BEGIN RECORDS TO USE
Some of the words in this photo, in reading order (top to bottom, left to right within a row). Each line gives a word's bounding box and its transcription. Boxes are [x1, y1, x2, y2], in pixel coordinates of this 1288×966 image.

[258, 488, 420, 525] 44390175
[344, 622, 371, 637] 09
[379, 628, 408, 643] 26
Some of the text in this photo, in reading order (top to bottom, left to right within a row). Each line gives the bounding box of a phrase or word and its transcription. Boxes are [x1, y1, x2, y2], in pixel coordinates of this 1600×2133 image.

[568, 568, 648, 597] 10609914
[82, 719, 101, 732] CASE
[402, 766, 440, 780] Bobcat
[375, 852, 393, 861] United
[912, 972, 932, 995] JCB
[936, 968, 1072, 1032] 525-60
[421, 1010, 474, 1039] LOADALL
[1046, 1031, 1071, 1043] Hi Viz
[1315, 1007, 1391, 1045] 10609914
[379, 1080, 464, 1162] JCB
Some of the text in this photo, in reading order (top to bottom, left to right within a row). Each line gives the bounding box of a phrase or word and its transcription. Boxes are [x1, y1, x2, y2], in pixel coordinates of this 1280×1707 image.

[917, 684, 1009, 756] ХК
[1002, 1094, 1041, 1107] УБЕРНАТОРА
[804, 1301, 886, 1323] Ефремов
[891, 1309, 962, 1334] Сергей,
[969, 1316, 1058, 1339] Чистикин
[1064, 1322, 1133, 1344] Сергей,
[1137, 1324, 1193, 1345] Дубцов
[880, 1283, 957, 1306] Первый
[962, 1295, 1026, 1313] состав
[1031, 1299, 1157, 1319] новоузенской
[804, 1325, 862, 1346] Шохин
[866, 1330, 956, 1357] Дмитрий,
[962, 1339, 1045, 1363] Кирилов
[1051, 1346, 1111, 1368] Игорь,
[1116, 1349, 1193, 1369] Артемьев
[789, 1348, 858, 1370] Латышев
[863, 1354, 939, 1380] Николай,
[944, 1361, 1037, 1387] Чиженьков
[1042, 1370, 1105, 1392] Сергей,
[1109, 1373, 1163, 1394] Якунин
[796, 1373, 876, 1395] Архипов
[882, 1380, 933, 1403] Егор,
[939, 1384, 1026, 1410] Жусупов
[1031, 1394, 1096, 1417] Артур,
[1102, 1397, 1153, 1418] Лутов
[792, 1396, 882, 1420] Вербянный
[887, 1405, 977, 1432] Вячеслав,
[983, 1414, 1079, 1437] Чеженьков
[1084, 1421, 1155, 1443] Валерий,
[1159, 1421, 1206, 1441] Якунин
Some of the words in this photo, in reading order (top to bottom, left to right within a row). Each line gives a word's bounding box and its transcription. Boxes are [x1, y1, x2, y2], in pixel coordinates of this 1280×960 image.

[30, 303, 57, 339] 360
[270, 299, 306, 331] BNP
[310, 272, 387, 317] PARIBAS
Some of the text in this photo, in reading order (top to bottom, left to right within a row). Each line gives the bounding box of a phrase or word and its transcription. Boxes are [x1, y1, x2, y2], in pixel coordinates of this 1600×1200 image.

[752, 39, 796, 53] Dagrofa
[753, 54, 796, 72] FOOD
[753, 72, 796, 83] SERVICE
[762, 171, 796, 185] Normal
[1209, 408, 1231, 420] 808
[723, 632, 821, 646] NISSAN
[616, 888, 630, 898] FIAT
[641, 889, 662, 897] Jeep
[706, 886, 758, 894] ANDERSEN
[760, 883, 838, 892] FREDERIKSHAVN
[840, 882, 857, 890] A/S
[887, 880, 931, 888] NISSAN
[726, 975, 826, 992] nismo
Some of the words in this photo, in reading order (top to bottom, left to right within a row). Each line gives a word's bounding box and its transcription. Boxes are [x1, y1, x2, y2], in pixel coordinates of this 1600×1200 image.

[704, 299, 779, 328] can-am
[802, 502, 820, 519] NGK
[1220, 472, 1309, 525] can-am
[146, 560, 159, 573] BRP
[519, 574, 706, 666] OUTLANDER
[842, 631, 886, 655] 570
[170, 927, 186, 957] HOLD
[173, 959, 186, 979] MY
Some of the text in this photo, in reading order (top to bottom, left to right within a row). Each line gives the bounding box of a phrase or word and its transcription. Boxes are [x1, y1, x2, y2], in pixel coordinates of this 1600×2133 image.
END RECORDS TO USE
■ **WORK ORDER**: Exactly as written above, copy out all the records.

■ **ANSWER**:
Some of the words in this photo, in reading order (top to bottom, left to right within a row). Each line gives a word's bounding box and its transcription. Boxes are [x1, y1, x2, y2], in pixel coordinates of this 1288×966 image.

[258, 488, 420, 525] 44390175
[344, 622, 371, 637] 09
[379, 628, 408, 643] 26
Some of the text in this photo, in reading order (top to bottom, left to right within a row). Each line gives the bounding box of a phrase or word and its transcription. Boxes are [x1, y1, x2, y2], in pixel coordinates of this 1600×2133 image.

[568, 568, 648, 597] 10609914
[82, 719, 101, 732] CASE
[402, 766, 440, 780] Bobcat
[375, 852, 393, 861] United
[912, 972, 932, 995] JCB
[936, 968, 1072, 1032] 525-60
[421, 1010, 474, 1039] LOADALL
[1046, 1031, 1071, 1043] Hi Viz
[1315, 1007, 1391, 1045] 10609914
[379, 1080, 464, 1162] JCB
Some of the text in this photo, in reading order (top to bottom, left to right within a row). Each line gives the bounding box of a phrase or word and its transcription. Boxes are [x1, y1, x2, y2], in pixel coordinates of this 1280×1707 image.

[917, 684, 1009, 756] ХК
[1002, 1094, 1041, 1107] УБЕРНАТОРА
[804, 1301, 886, 1323] Ефремов
[891, 1309, 962, 1334] Сергей,
[969, 1316, 1058, 1339] Чистикин
[1064, 1322, 1133, 1344] Сергей,
[1137, 1324, 1193, 1345] Дубцов
[880, 1283, 957, 1306] Первый
[962, 1295, 1026, 1313] состав
[1031, 1299, 1157, 1319] новоузенской
[804, 1325, 862, 1346] Шохин
[866, 1330, 956, 1357] Дмитрий,
[962, 1339, 1045, 1363] Кирилов
[1051, 1346, 1111, 1368] Игорь,
[1116, 1349, 1193, 1369] Артемьев
[789, 1348, 858, 1370] Латышев
[863, 1354, 939, 1380] Николай,
[944, 1361, 1037, 1387] Чиженьков
[1042, 1370, 1105, 1392] Сергей,
[1109, 1373, 1163, 1394] Якунин
[796, 1373, 876, 1395] Архипов
[882, 1380, 933, 1403] Егор,
[939, 1384, 1026, 1410] Жусупов
[1031, 1394, 1096, 1417] Артур,
[1102, 1397, 1153, 1418] Лутов
[792, 1396, 882, 1420] Вербянный
[887, 1405, 977, 1432] Вячеслав,
[983, 1414, 1079, 1437] Чеженьков
[1084, 1421, 1155, 1443] Валерий,
[1159, 1421, 1206, 1441] Якунин
Some of the words in this photo, in reading order (top to bottom, left to right within a row). Each line gives a word's bounding box and its transcription. Boxes are [x1, y1, x2, y2], in pixel coordinates of this 1280×960 image.

[30, 303, 57, 339] 360
[270, 299, 306, 331] BNP
[310, 272, 387, 317] PARIBAS
Some of the text in this photo, in reading order (top to bottom, left to right within a row). Each line gives the bounding box of a phrase or word and its transcription. Boxes are [x1, y1, x2, y2], in pixel coordinates of this 1600×1200 image.

[752, 39, 796, 53] Dagrofa
[753, 54, 796, 72] FOOD
[753, 72, 796, 83] SERVICE
[762, 171, 796, 185] Normal
[1209, 408, 1231, 420] 808
[723, 632, 821, 646] NISSAN
[616, 888, 630, 898] FIAT
[641, 889, 662, 897] Jeep
[706, 886, 758, 894] ANDERSEN
[760, 883, 838, 892] FREDERIKSHAVN
[840, 882, 857, 890] A/S
[887, 880, 931, 888] NISSAN
[726, 975, 826, 992] nismo
Some of the words in this photo, in reading order (top to bottom, left to right within a row). Each line gives a word's bounding box and its transcription. Boxes are [x1, y1, x2, y2], in pixel coordinates of this 1600×1200 image.

[704, 299, 779, 328] can-am
[802, 502, 820, 519] NGK
[1220, 472, 1309, 525] can-am
[146, 560, 159, 573] BRP
[519, 574, 706, 666] OUTLANDER
[842, 631, 886, 655] 570
[170, 927, 186, 957] HOLD
[173, 959, 186, 979] MY
Some of the text in this photo, in reading order (top to bottom, left to right within a row). Each line gives the bounding box of a phrase or word and its transcription. Boxes are [x1, y1, x2, y2], in pixel coordinates of this 1600×2133 image.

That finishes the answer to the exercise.